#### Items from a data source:
###
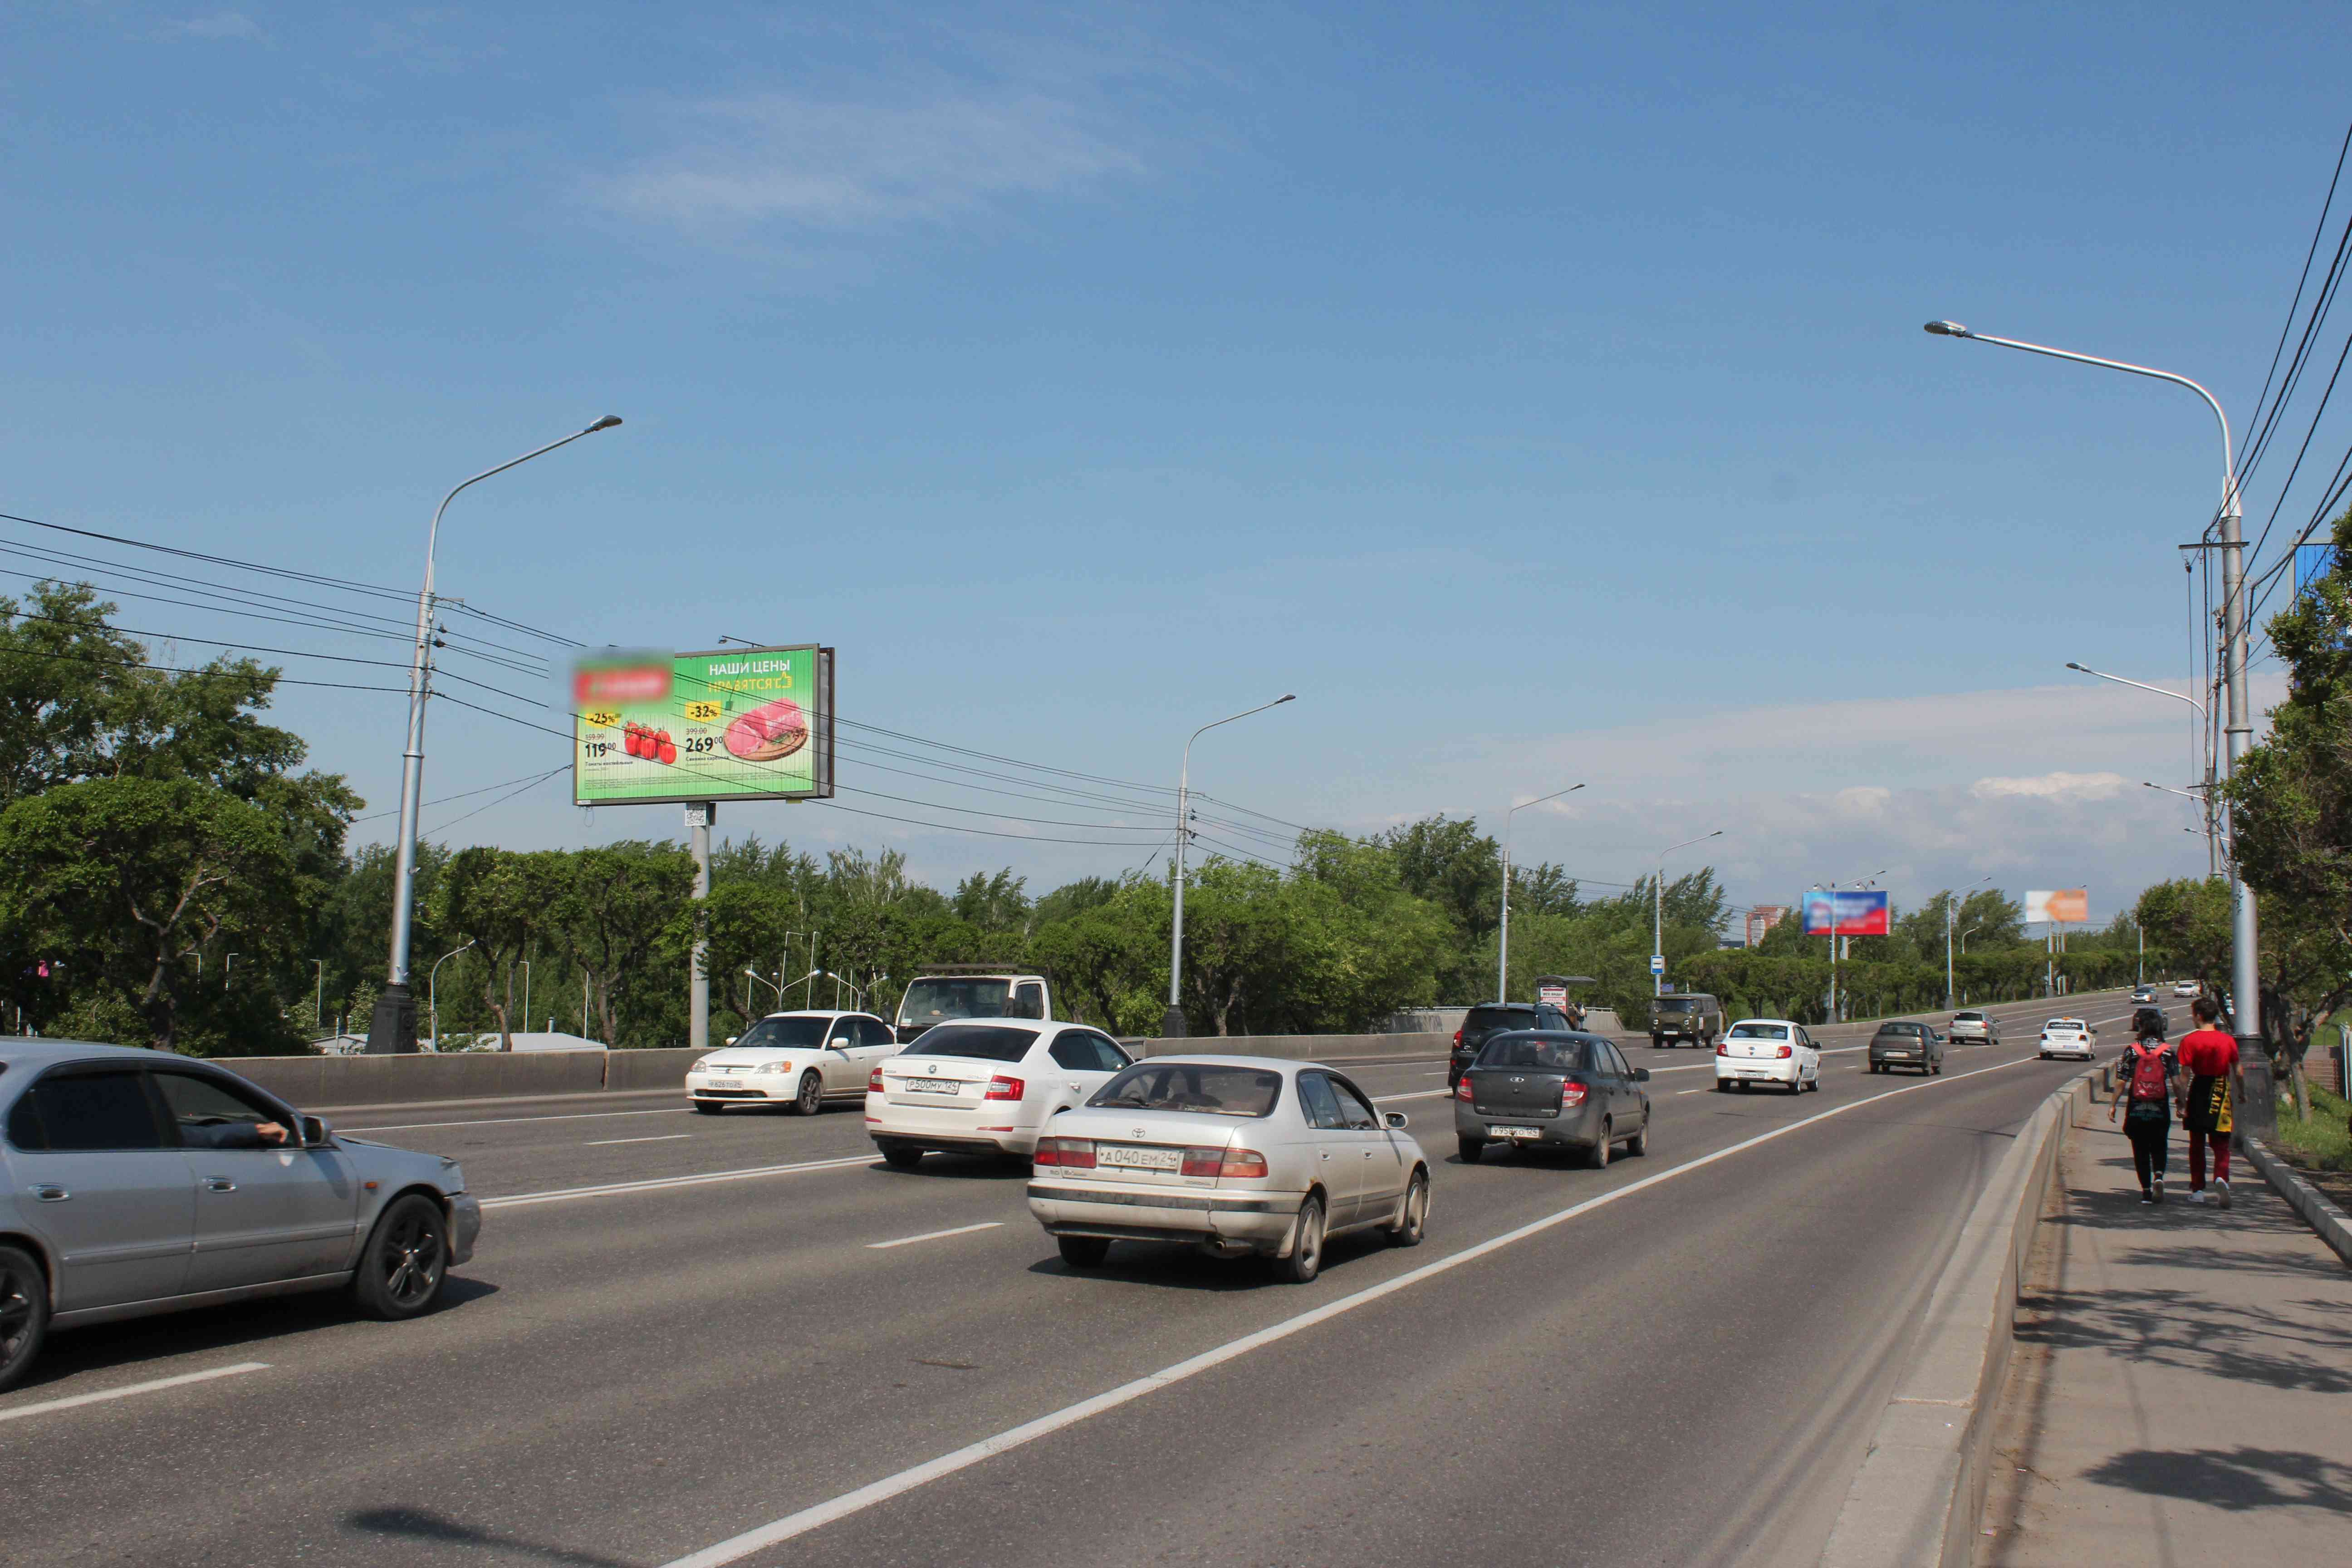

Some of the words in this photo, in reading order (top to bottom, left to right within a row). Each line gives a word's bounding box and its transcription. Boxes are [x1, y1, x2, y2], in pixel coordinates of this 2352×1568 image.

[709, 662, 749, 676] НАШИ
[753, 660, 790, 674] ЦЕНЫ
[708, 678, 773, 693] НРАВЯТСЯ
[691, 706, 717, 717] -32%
###
Leaving the images out, return every record exactly.

Some of the words in this photo, in reading order (top to bottom, left to right within a row). Each line gives a word's bounding box and its transcription. Boxes are [x1, y1, x2, y2], in pixel coordinates of this 2352×1568 image.

[709, 662, 749, 676] НАШИ
[753, 660, 790, 674] ЦЕНЫ
[708, 678, 773, 693] НРАВЯТСЯ
[691, 706, 717, 717] -32%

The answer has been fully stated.